# I need some marriage advice.



## Monicaj (Sep 29, 2021)

Hello I just really need another perspective on my marriage right now. I'll try and make this as short as possible with as many details as possible. I have been married to my husband for 20 years now. 

We got married when we were both 18. I know he cheated on me every chance he got in the beginning due to the evidence I have found after getting home from work. But he never admitted anything to me til years later. When I say years I mean 17 years later. 

Although over the years I pressed him like every couple months about it to get him to admit to it. I just couldn't stand lies and still can't, lies drive me nuts to say the least. Even though I pleaded and cried so many times over the years he never actually admitted it til 17 years later. 

Even though I already knew it when he did finally admit to it, I was surprised about how much it actually hurt me to hear him say it. It felt like it just happened. I was devastated. It's been a little over 3 years since he admitted it and it still hurts me and I still haven't been able to trust him but even more so now. He swears he was just young and stupid back then and is a good man husband and dad now and that I have nothing to worry about anymore. 

He has apologized so much and does seem sincere. But I now am having issues with feeling secure with myself and feeling like he isn't attracted to me anymore. He always reassurs me but I'm not convinced. I look at myself in the mirror and I see the obvious aging signs. I know I've let myself go and I am ry self conscience about it. I've tried to dress up and put makeup on like I used to but I feel like I don't even know how to do it anymore. My husband always tells me how beautiful I look but I know he's just saying that to make me feel better. 
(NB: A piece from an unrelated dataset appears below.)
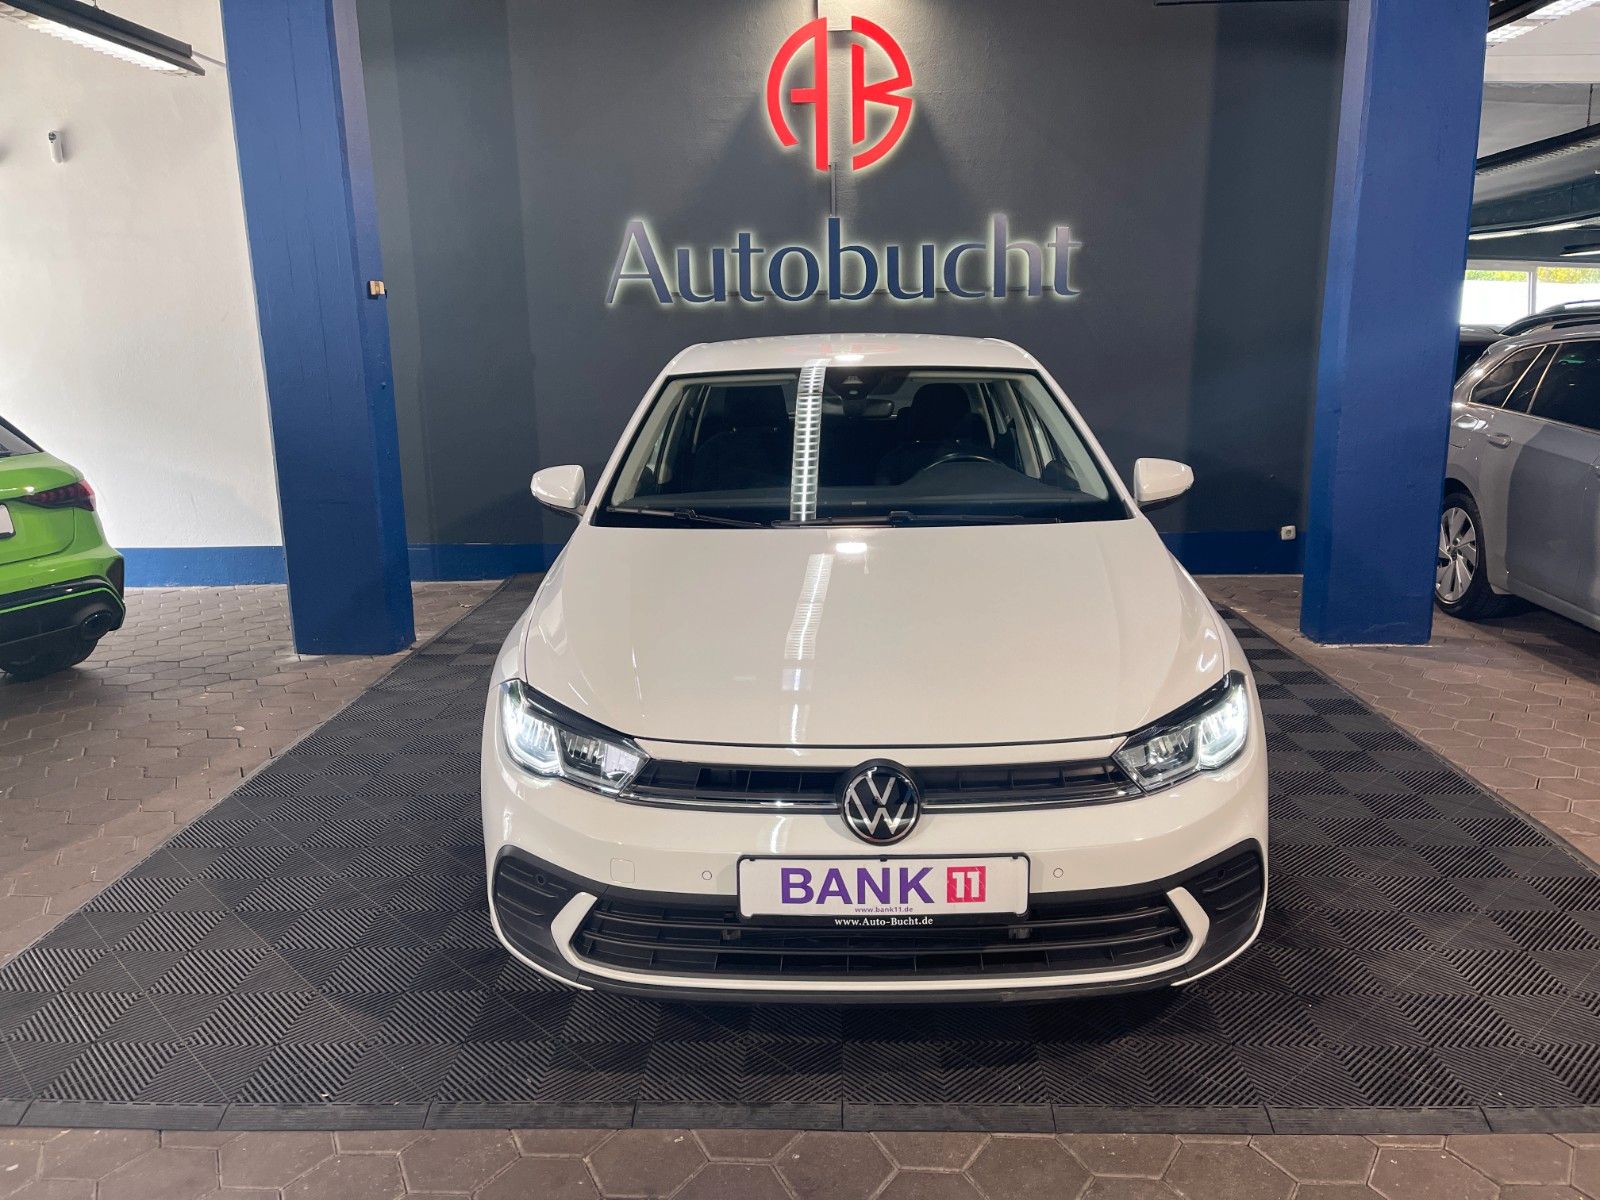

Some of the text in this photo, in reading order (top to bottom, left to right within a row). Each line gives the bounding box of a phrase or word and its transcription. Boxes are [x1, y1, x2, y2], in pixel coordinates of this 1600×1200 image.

So whenever we go anywhere it's always him trying to cheer me up instead of us enjoying the day or night. I don't know what's wrong with me why I can't snap out of it but it's so frustrating. We have 5 kids and I don't want them to see me like this. I don't want to know that their dad chested on me ever. I want my boys to learn how to treat women good like their dad treats me. 

I want my daughter to choose a husband based on the way her dad loved her mom her whole life. For the most part they do see it and hopefully do learn from it. Now I feel as if it's based on a lie cause of what he has admitted to me recently. I feel he only admitted it to me cause of all the begging and crying and promising that I would let it go if he would just admit to me. 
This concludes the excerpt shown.